EVALUATION METHODOLOGY

 

Vencon's proprietary investment methodology includes its unique analysis of ventures from the standpoint of technology stage maturation. Our methodology is useful for assessing both entrepreneurial ventures and ventures inside a large corporation. The following chart describes the methodology.

Using this methodology enables VMI to assess the deal stage of a technology venture and the resultant capital required and risk profile.


 

Stage Zero: IDEA/CONCEPT

A new venture always starts with an idea, which by its nature, is not refined. The concept is the development of the idea into a "white paper" which is a very preliminary budget and market estimate. Sometimes, the concept activity takes months. Stage 0 is not of interest to the venture capital community.
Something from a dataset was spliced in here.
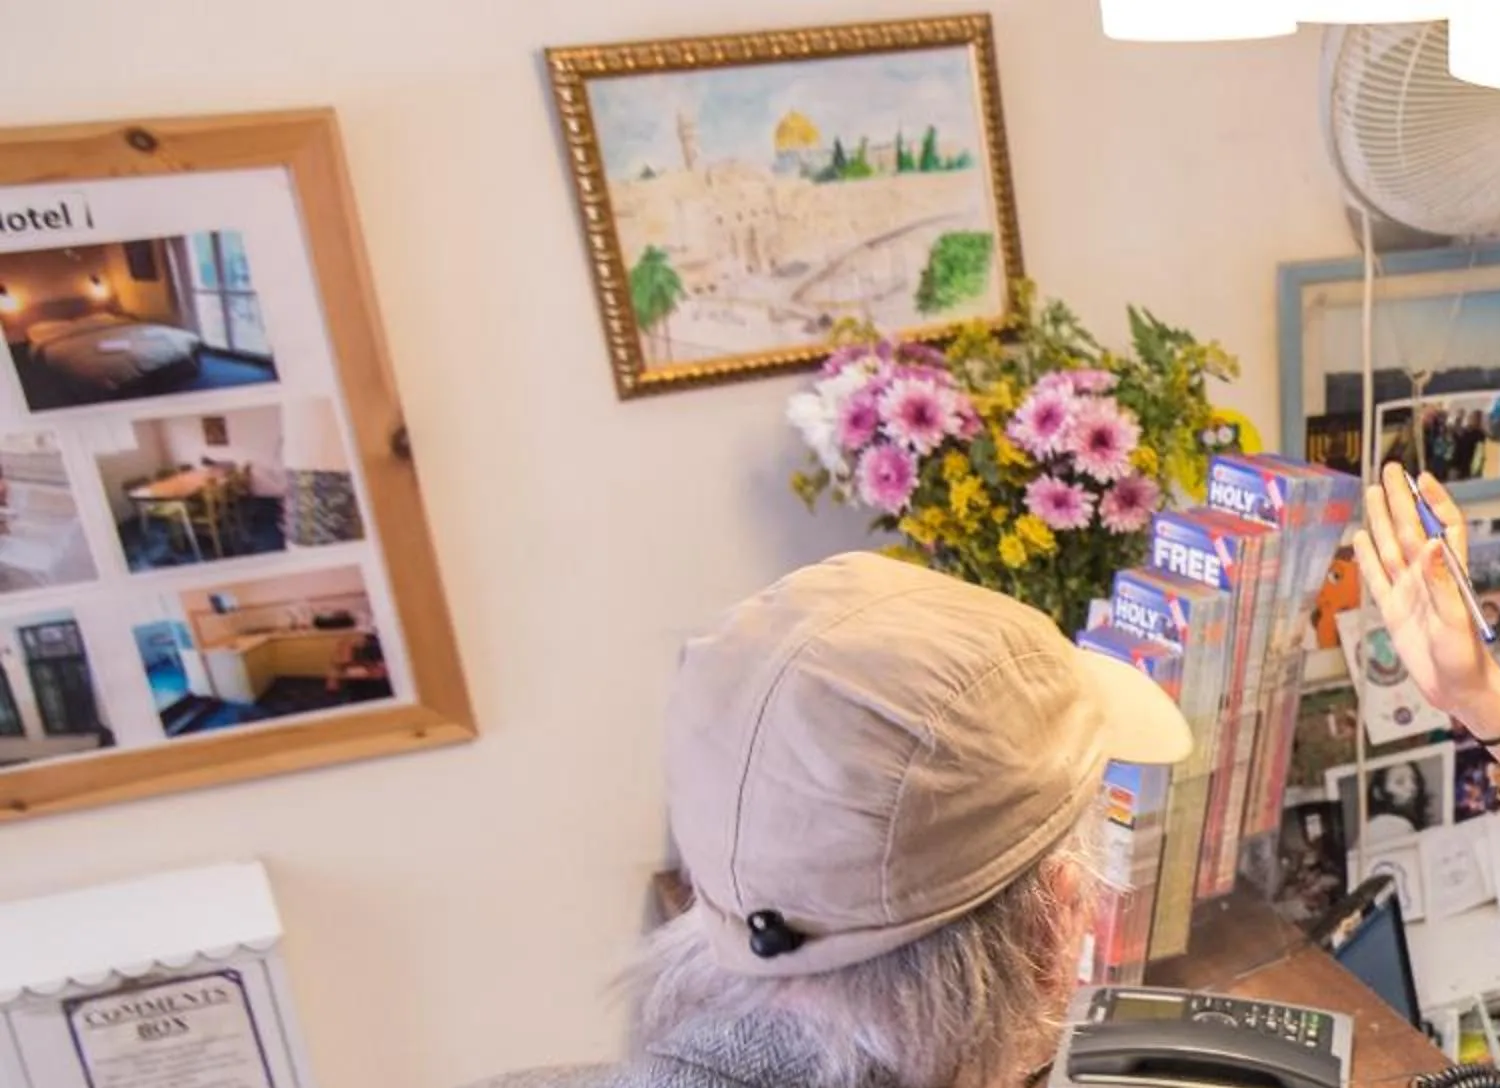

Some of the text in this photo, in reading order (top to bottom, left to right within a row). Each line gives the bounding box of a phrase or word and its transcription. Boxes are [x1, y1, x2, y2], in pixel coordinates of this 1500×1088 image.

Stage One: RESEARCH AND DEVELOPMENT

Various research and development activities are undertaken. In technology ventures, we are referring to "all" technology venture including the internet, environment, materials, and other. Stage 2 is often actively undertaken in Government laboratories, universities, and private industry. This stage has several components, sometimes known as alpha and beta testing.

Stage Two: MARKETING PLAN

After Stages 1 and 2 are completed, the capability exists to put together the semblance of a marketing plan which impacts other stages. Generally, this is the first time there is knowledge about market niches and five year forecasts.
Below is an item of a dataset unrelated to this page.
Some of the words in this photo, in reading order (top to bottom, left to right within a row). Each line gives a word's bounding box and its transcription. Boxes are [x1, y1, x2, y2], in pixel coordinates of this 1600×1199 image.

Stage Three: FORMATION OF THE COMPANY

With many ventures, a company is formed at Stage 1. Venture spin-out of universities, Government laboratories, or companies create the legal entity at this point. Investment can only be made in a company, not technology.

Stage Four: BUSINESS TEAM AND PLAN

The most common stage of venture capital investment is Stage 4, when a business plan is prepared and a team formed. Stage 4 is usually referred to as the seed stage.

Stage Five: PARTNERING

Corporate partners provide the customer basis for verifying the business plan. Partners also provide the base of load of revenues. Vencon prefers to invest in Stage 5 ventures or later.

Stage Six: COMMERCIALIZATION

In Stage 6, the venture is generating revenues. In most cases, profitability has not yet been attained. Stage 5 is commonly referred to as an "early stage venture." Expansion Stage category ventures regard the stages of transitioning of an early stage venture into a profitable enterprise.